Part one of this series described the role of the Atlantic Council in promoting Santos’ agenda through its Senior Fellow, Miguel Silva, who happened to be Santos’ chief communications strategist. [https://www.periodismosinfronteras.org/colombia-norway-and-the-atlantic-council-selling-peace-to-the-u-s.html] In return, the Atlantic Council received sizeable donations from Norway and its state-controlled oil company Statoil, both key players in the Santos-FARC agreement. But the Council wasn’t alone in these activities.
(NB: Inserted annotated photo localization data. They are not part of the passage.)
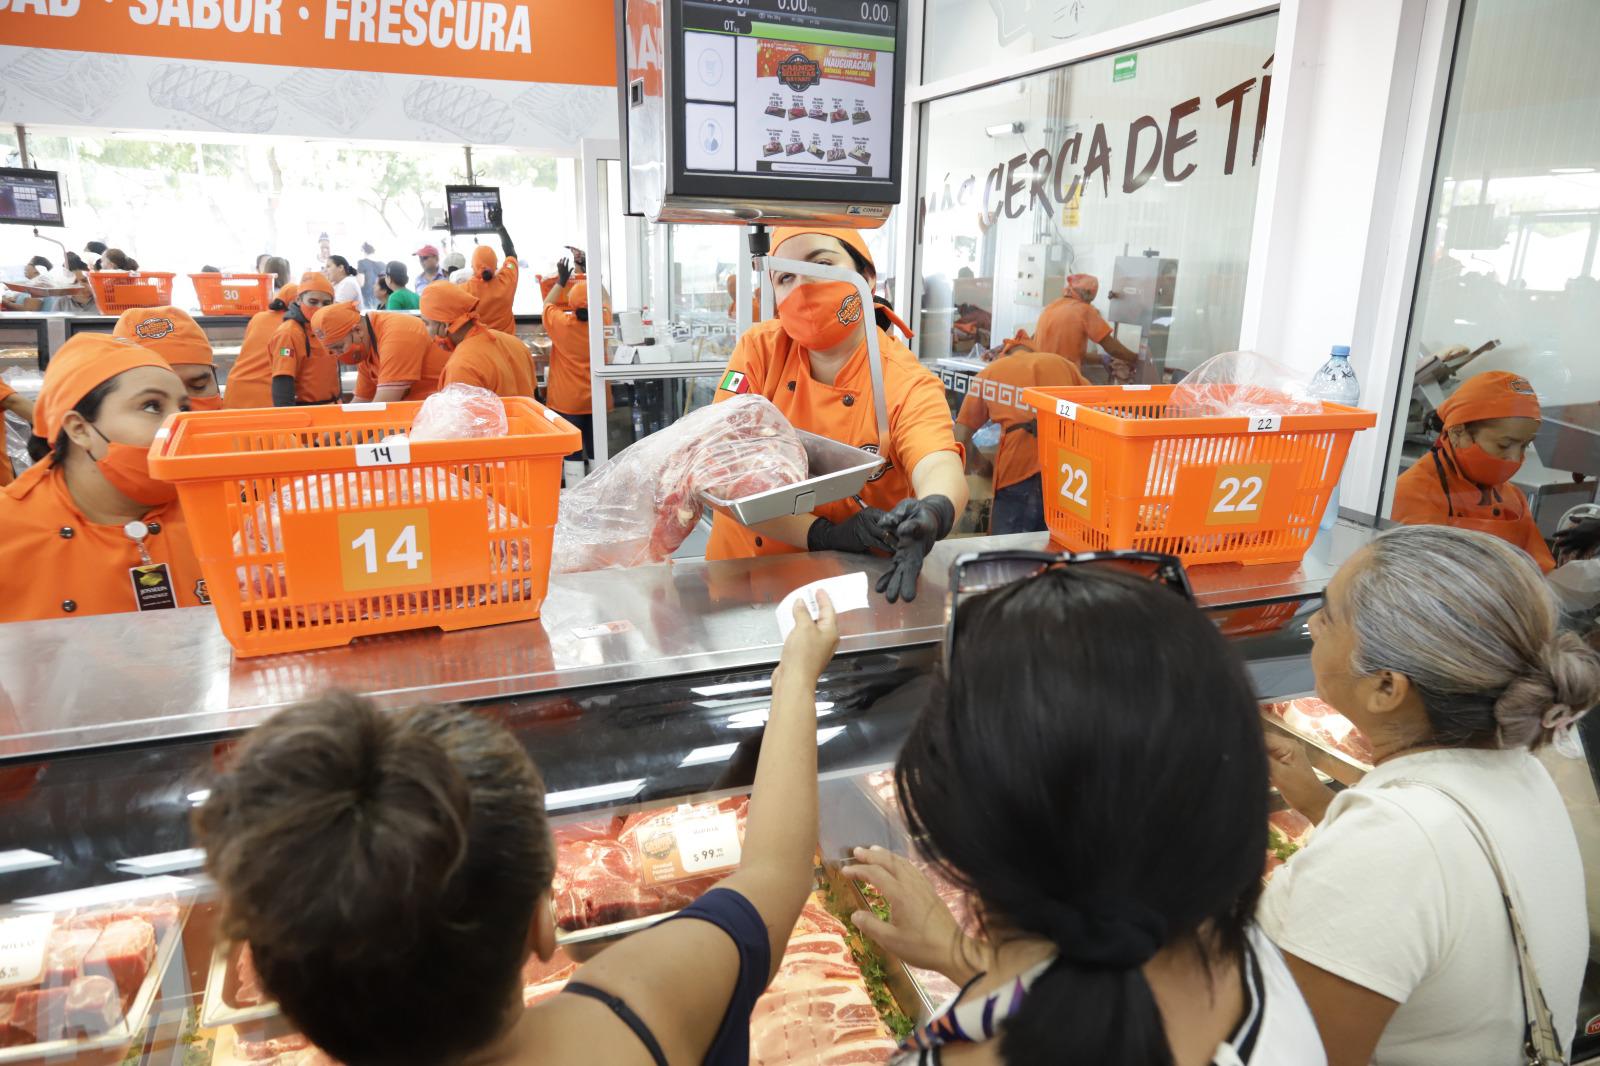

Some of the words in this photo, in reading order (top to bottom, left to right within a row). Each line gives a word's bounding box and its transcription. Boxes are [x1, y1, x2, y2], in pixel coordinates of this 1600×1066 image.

[128, 0, 282, 35] SABOR
[324, 0, 532, 54] FRESCURA
[983, 122, 1112, 228] CERCA
[1123, 96, 1200, 193] DE
[1216, 53, 1275, 176] TÍ
[223, 289, 239, 300] 30
[1257, 418, 1272, 430] 22
[370, 446, 392, 463] 14
[1061, 463, 1088, 507] 22
[1213, 476, 1263, 513] 22
[351, 525, 424, 574] 14
The Inter-American Dialogue, a D.C. think tank that promotes itself on its web site as being among “the top 25 most-cited think tanks in the U.S. media” [http://www.thedialogue.org/support-us/corporate-program/] co-sponsored several events with the Council and other think tanks. In June 2014, the Dialogue’s President, Michael Shifter, offered opening remarks at a discussion led by Silva regarding Colombia’s presidential run-off in 2014. [http://www.atlanticcouncil.org/events/upcoming-events/detail/the-colombia-conundrum-predictions-for-the-presidential-runoff]. And in february this year, the Dialogue and the Council co-sponsored a speaking event for Santos, where, per the Dialogue’s web site, Santos promoted the peace agreement and “called on President Barack Obama to continue to lend US support.” [http://www.thedialogue.org/resources/colombia-transformation-and-future-challenges/]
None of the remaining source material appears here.